◆ Exercise details: Your answer should be the lines from the one containing "this 1920×1080 image." through the final line below, copied exactly.

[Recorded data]
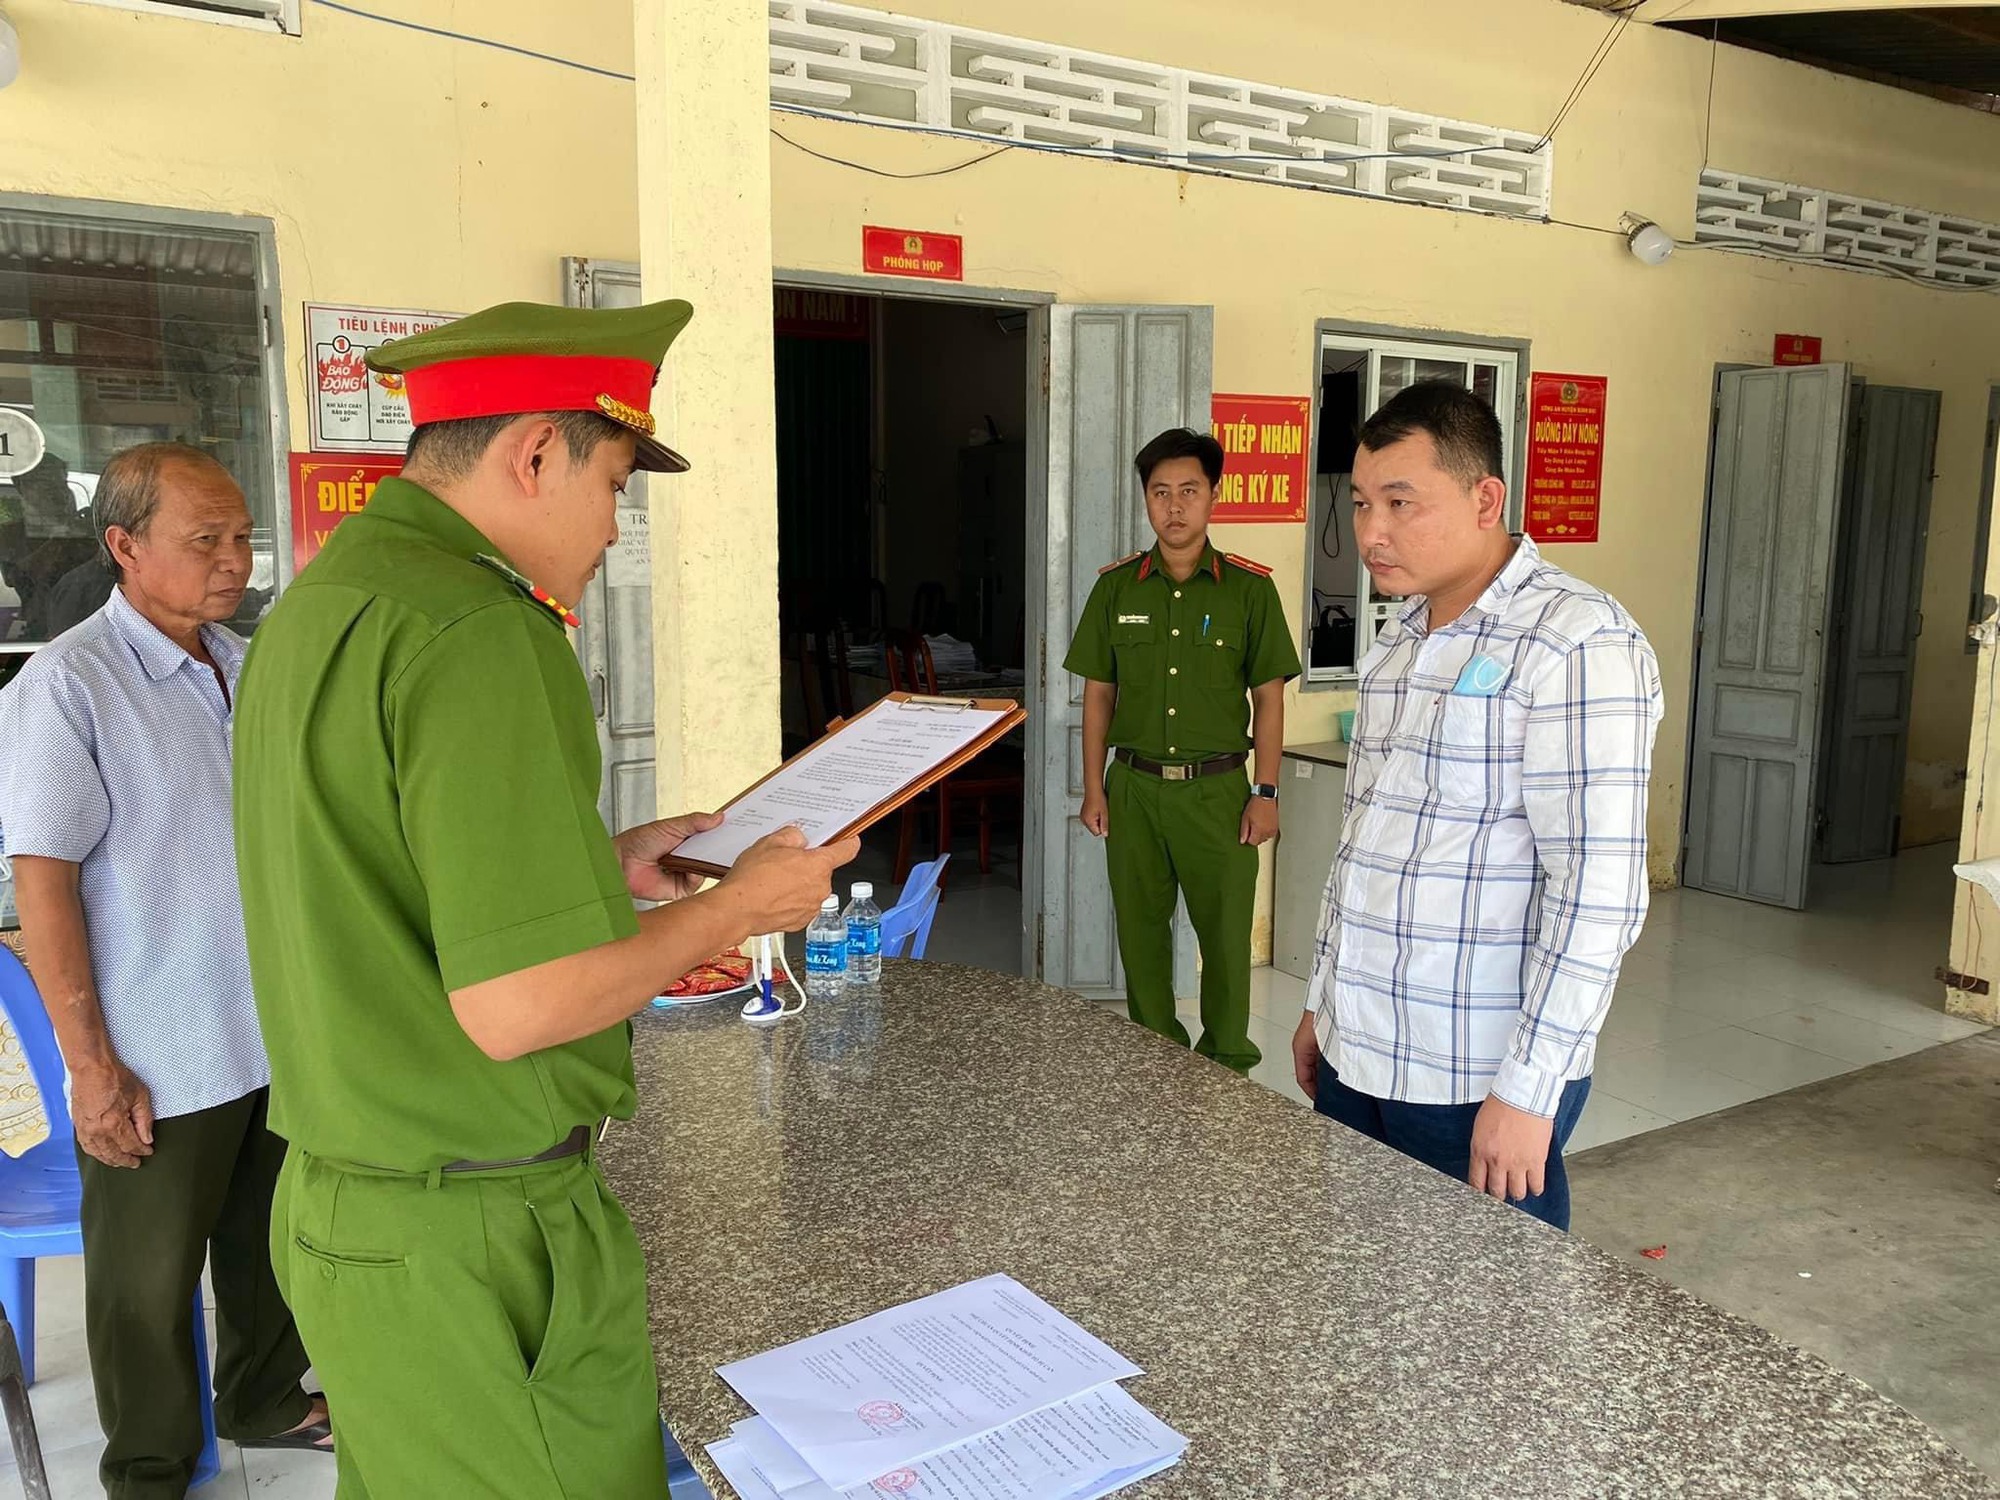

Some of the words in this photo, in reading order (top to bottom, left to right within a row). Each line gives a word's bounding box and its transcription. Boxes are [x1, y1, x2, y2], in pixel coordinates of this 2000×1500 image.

[883, 255, 920, 270] PHÒNG
[922, 260, 944, 274] HỌP
[338, 316, 368, 332] TIÊU
[374, 319, 408, 336] LỆNH
[322, 377, 359, 393] ĐỘNG
[1223, 414, 1257, 453] TIẾP
[1261, 420, 1302, 460] NHẬN
[1248, 470, 1269, 503] KÝ
[1272, 474, 1290, 503] XE
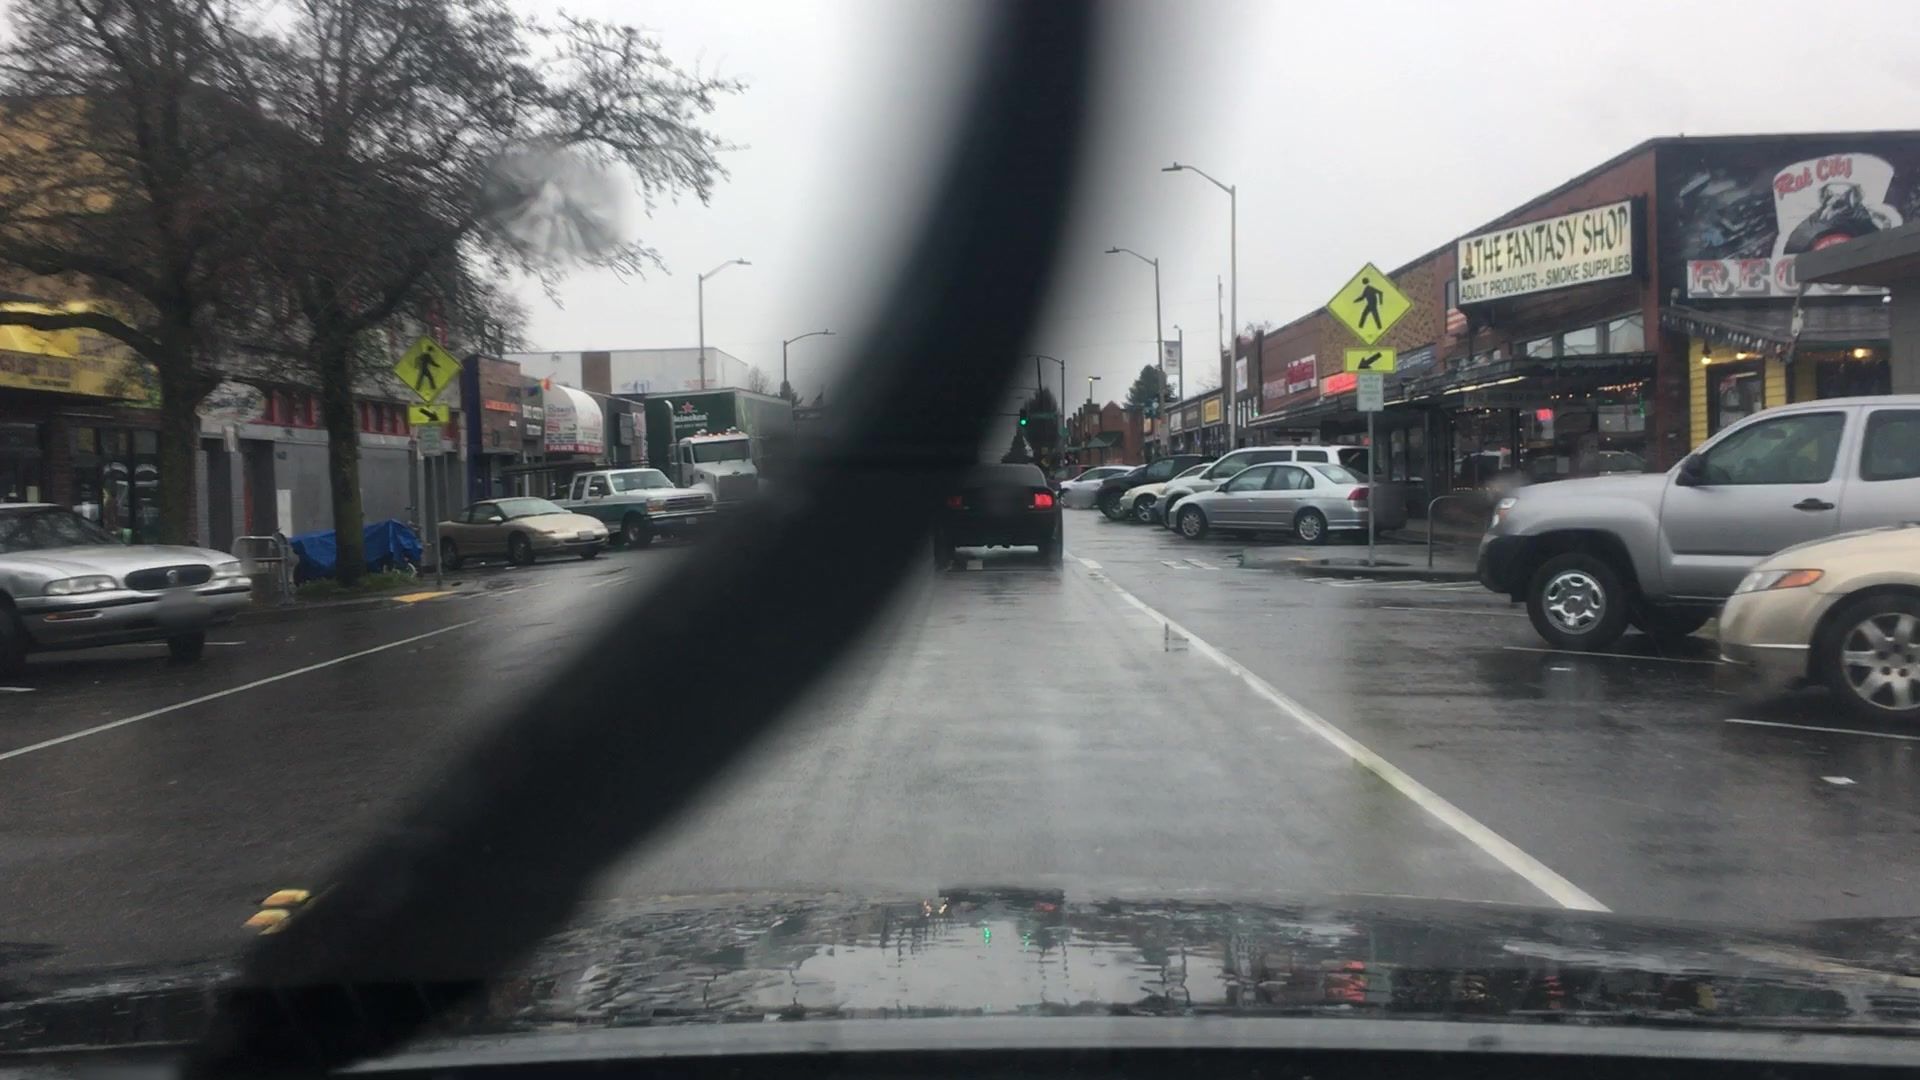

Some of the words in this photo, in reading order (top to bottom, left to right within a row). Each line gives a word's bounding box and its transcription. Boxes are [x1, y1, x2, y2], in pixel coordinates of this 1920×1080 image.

[1774, 166, 1813, 200] Rat
[1815, 154, 1853, 182] City
[1474, 234, 1504, 275] THE
[1506, 216, 1578, 270] FANTASY
[1582, 205, 1628, 255] SHOP
[1461, 281, 1489, 301] ADULT
[1490, 273, 1538, 295] PRODUCTS
[1546, 267, 1579, 287] SMOKE
[1582, 253, 1631, 279] SUPPLIES

◆ Result below:
Some of the words in this photo, in reading order (top to bottom, left to right within a row). Each line gives a word's bounding box and its transcription. Boxes are [x1, y1, x2, y2], in pixel coordinates of this 1920×1080 image.

[1774, 166, 1813, 200] Rat
[1815, 154, 1853, 182] City
[1474, 234, 1504, 275] THE
[1506, 216, 1578, 270] FANTASY
[1582, 205, 1628, 255] SHOP
[1461, 281, 1489, 301] ADULT
[1490, 273, 1538, 295] PRODUCTS
[1546, 267, 1579, 287] SMOKE
[1582, 253, 1631, 279] SUPPLIES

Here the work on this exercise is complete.